Theater on the Edge

How did theater fail America? In his incisive, entertaining, and often poignant monologue, acclaimed writer and performer Mike Daisey’s answer might surprise you. A pungent mix of raw personal experience and savvy cultural critique, How Theater Failed America is both a sensitive self-reflection and an emphatic call to arms. And, however you think you might answer the central question right now, Daisey will challenge your ideas about what theater is, what it has become, and what it could be.

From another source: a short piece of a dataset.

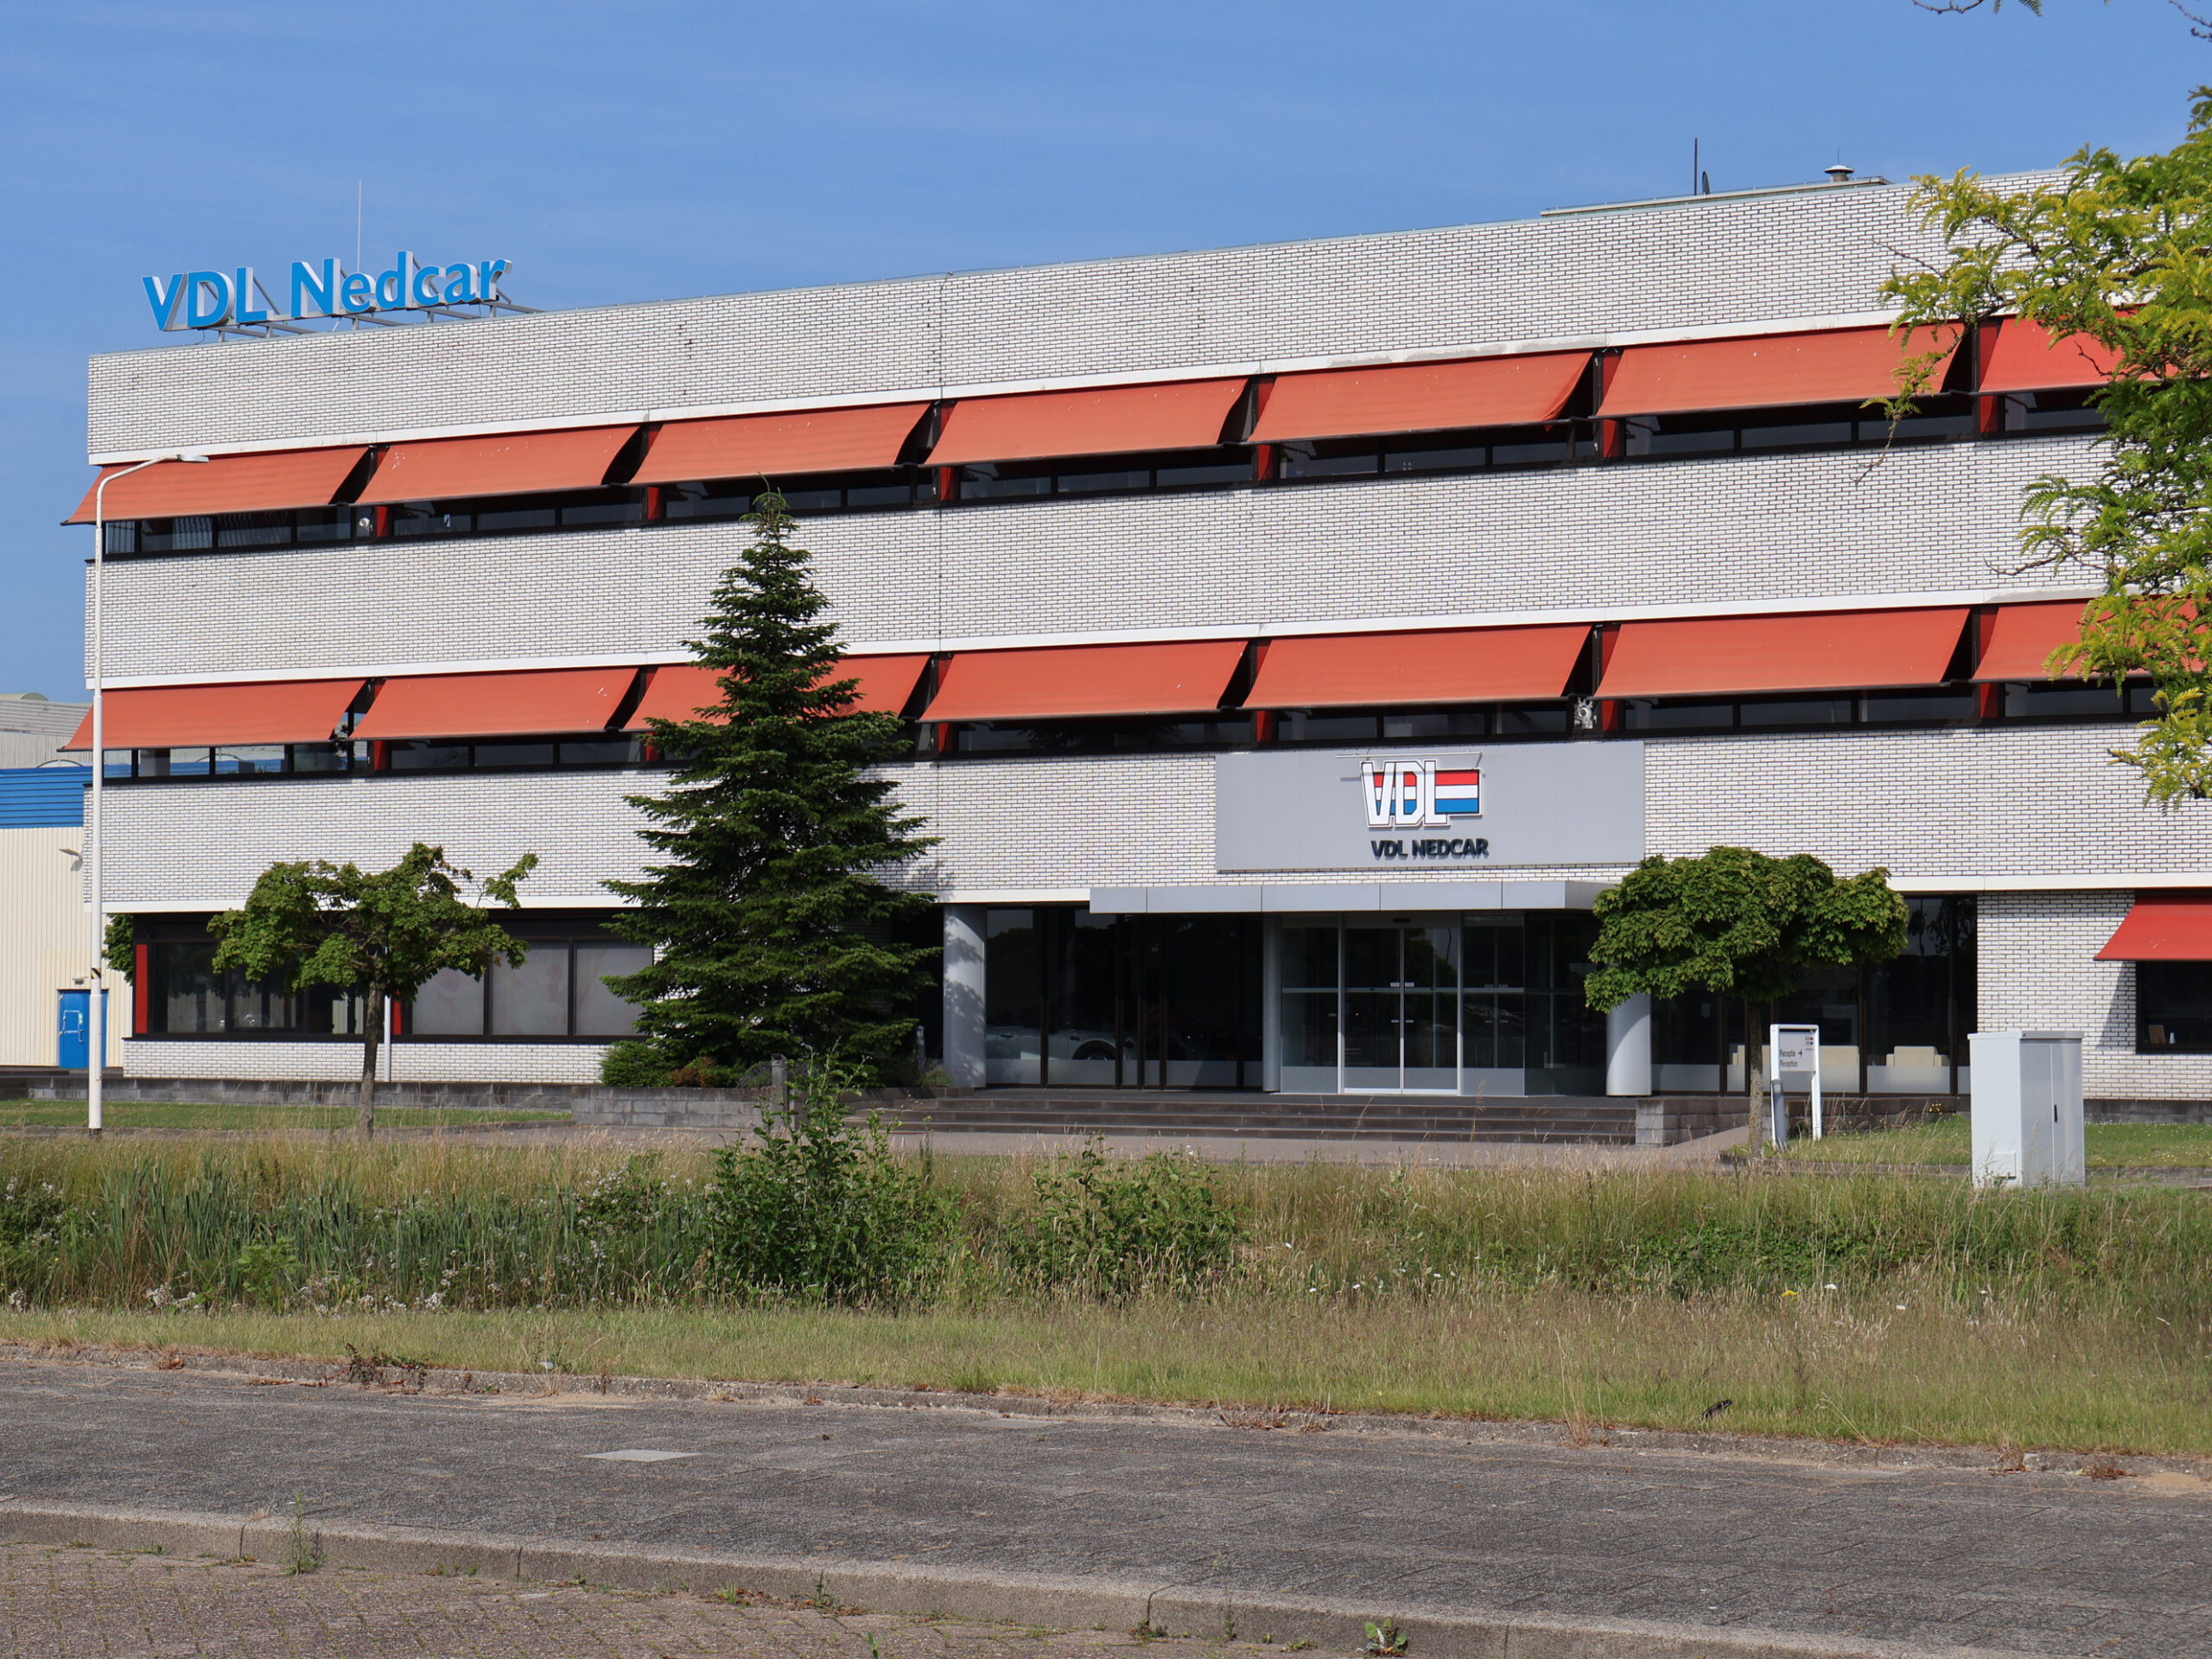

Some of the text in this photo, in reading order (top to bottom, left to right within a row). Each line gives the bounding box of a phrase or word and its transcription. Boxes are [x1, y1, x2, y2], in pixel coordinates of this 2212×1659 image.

[141, 251, 512, 331] VDL Nedcar
[1361, 760, 1451, 826] VDL
[1370, 838, 1489, 857] VDL NEDCAR

Seated behind a table on a bare stage, with only a stack of notes and a glass of water for company, Daisey admits right away that the title of his show is all wrong. “You should not have come here,” he declares, since most likely we already know (or think we know) what the show will be about: Disney’s homogenization of theater into a gooey tourist commodity; the distractions of iPods and other technology; the ever-dwindling state of arts funding; and the debilitating taste pronouncements of all-powerful theater critics at the New York Times.

But, instead of pointing a finger at those shadowy outside forces, Daisey implicates himself and us, the audience stuck in the “stifling dark”: “You did it, I did it, we did it.” The problem is not so much how theater failed America, he says, but how theater became America (the alternate title an artistic director friend proffered for the show).

This all probably sounds very Michael Moore, and in some ways the similarities are there—like the controversial documentary auteur, Daisey is also a larger-than-life force working to upend and revolutionize his art form. However, Daisey’s approach, although it can be in-your-face and demanding, is gentler. Although he is sharply critical of how theater is breaking down, he holds up and reveres those moments when it has worked and when it has made a difference; in short, why we will always so desperately need it in our culture. He’s from the theater and for the theater, and his project draws on personal anecdotes to create a reverent, yet cautionary, love letter.

Flashing back to his youth in a sparsely populated region of western Maine, Daisey offers vibrant anecdotes about the people and places that enchanted him with the theater: his “madman” college theater director Dick Sewell, who bounded over theater seats to give his cast inspired notes; the summer Daisey and five friends ran their own small theater company at a small resort, playing all of the roles, doing all of the technical work, and subsisting on Ramen; and directing a scrappy group of high-school students in a one-act play competition.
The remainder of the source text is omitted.